> [About this task]
Could you output exactly the lines from the one containing "this 1500×1000 image." through the end of the records below, and nothing more?

Dataset entries:
════

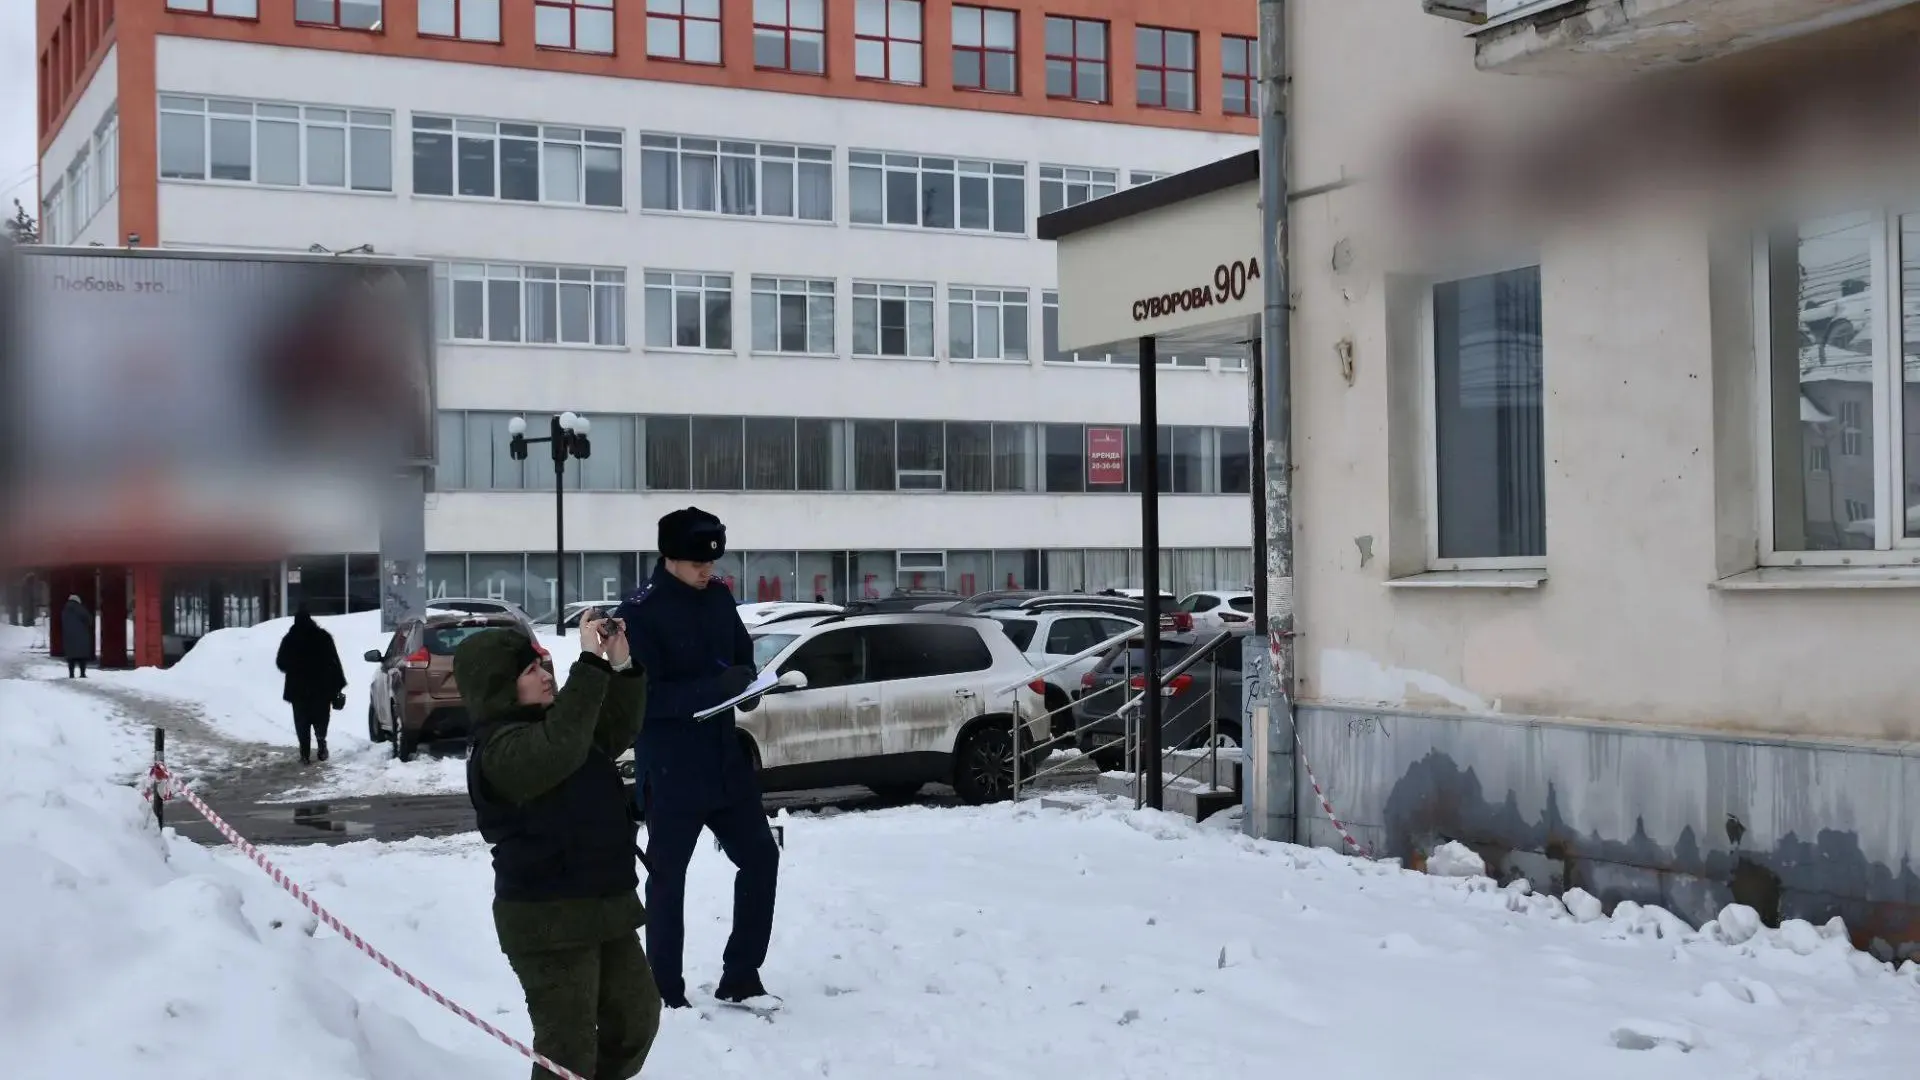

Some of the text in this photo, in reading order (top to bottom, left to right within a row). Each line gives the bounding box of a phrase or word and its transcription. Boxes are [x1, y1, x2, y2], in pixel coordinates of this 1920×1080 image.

[53, 275, 126, 293] Любовь
[1132, 285, 1213, 321] СУВОРОВА
[1091, 452, 1121, 460] АРЕНДА
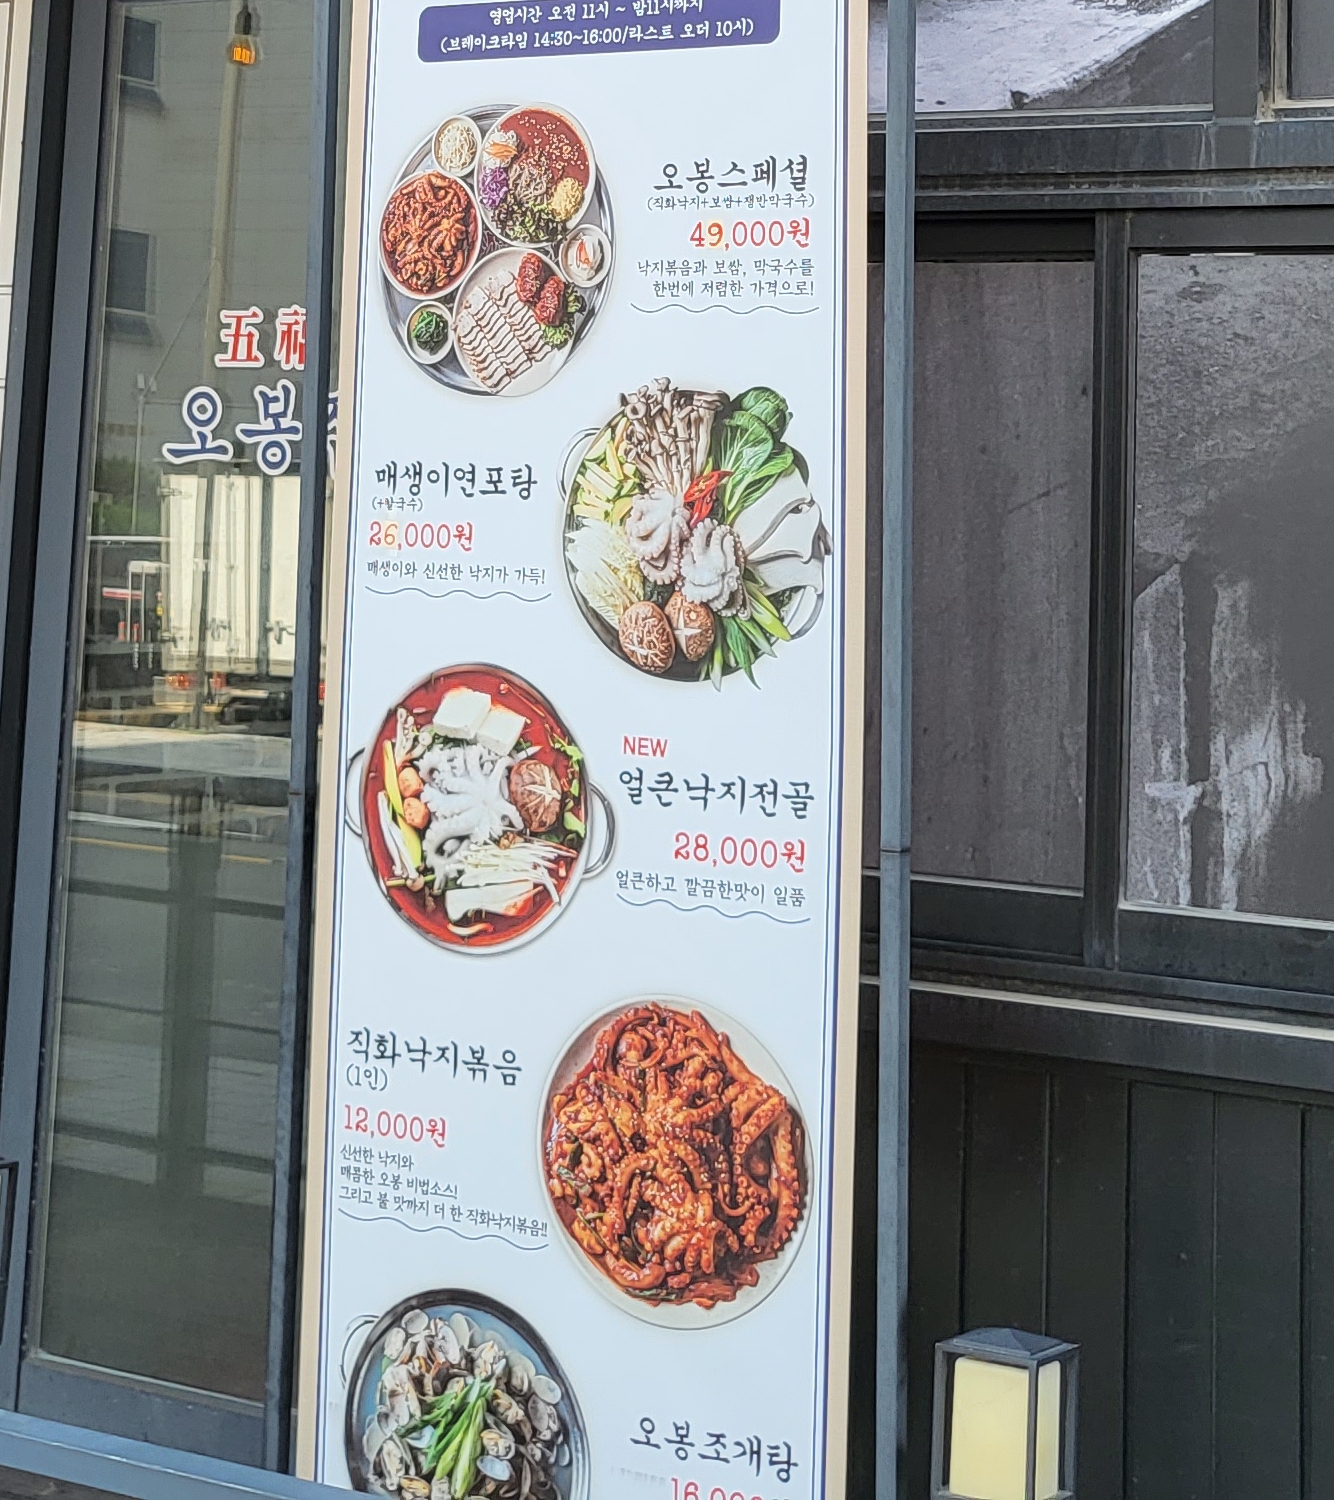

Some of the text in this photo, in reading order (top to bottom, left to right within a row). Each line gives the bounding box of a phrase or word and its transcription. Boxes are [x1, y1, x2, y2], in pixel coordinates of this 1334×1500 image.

[489, 7, 543, 26] 영업시간
[547, 3, 577, 22] 오전
[581, 0, 610, 20] 11시
[440, 29, 528, 54] (브레이크타임
[679, 20, 710, 39] 오더
[715, 17, 755, 38] 10시)
[653, 154, 808, 194] 오봉스페셜
[689, 217, 810, 251] 49,000원
[637, 258, 815, 278] 낙지볶음과 보쌈, 막국수를
[653, 280, 814, 298] 한번에 저렴한 가격으로!
[163, 379, 338, 476] 오봉
[374, 460, 538, 500] 매생이연포탕
[369, 521, 474, 552] 26,000원
[367, 560, 546, 585] 매생이와 신선한 낙지가 가득!
[622, 735, 668, 758] NEW
[619, 766, 815, 820] 얼큰낙지전골
[674, 832, 807, 874] 28,000원
[616, 869, 806, 908] 얼큰하고 깔끔한맛이 일품
[346, 1026, 523, 1087] 직화낙지볶음
[346, 1063, 388, 1092] (1인)
[344, 1104, 447, 1148] 12,000원
[340, 1143, 415, 1172] 신선한 낙지와
[378, 1171, 403, 1190] 오봉
[338, 1186, 548, 1238] 그리고 불 맛까지 더 한 직화낙지볶음!!
[629, 1417, 799, 1483] 오봉조개탕
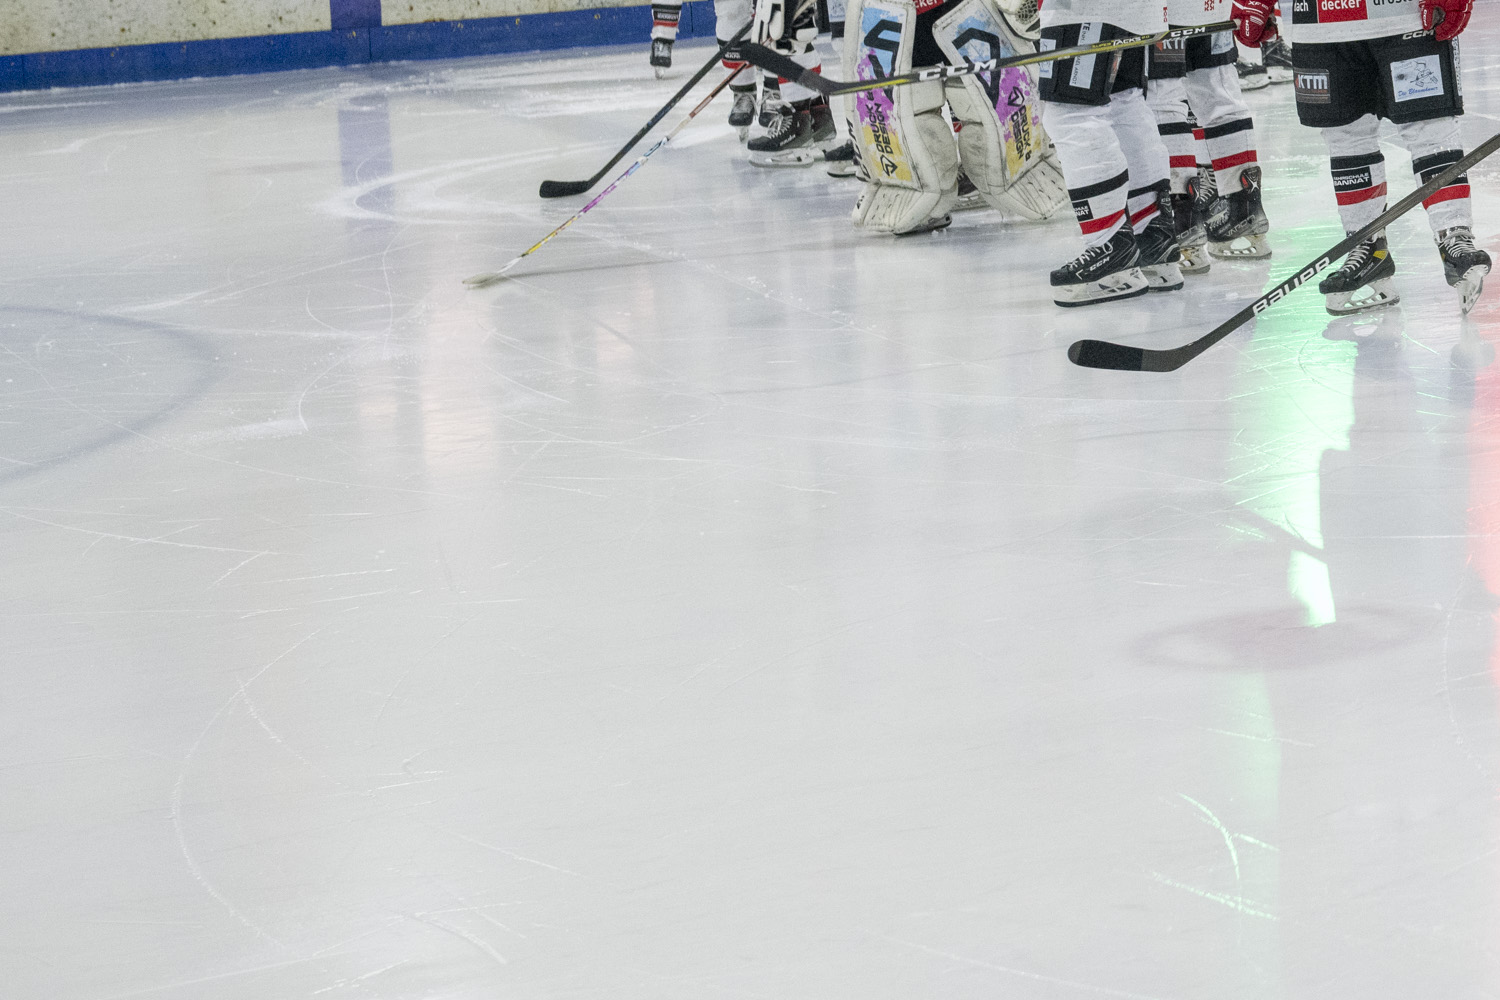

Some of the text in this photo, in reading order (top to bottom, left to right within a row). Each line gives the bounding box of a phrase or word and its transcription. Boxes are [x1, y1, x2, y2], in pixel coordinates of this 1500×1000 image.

[1111, 35, 1141, 47] TACKS
[1170, 26, 1207, 38] CCM
[1402, 28, 1435, 40] CCM
[919, 59, 997, 82] CCM
[1298, 74, 1329, 91] KTM
[866, 103, 885, 153] DRUCK
[874, 102, 894, 154] DESIGN
[1010, 111, 1024, 160] DESIGN
[1019, 104, 1031, 150] DRUCK
[1089, 257, 1110, 271] CCM
[1252, 256, 1331, 317] BAUER

════

> [Task result]
Some of the text in this photo, in reading order (top to bottom, left to right within a row). Each line gives the bounding box of a phrase or word and its transcription. Boxes are [x1, y1, x2, y2], in pixel coordinates of this 1500×1000 image.

[1111, 35, 1141, 47] TACKS
[1170, 26, 1207, 38] CCM
[1402, 28, 1435, 40] CCM
[919, 59, 997, 82] CCM
[1298, 74, 1329, 91] KTM
[866, 103, 885, 153] DRUCK
[874, 102, 894, 154] DESIGN
[1010, 111, 1024, 160] DESIGN
[1019, 104, 1031, 150] DRUCK
[1089, 257, 1110, 271] CCM
[1252, 256, 1331, 317] BAUER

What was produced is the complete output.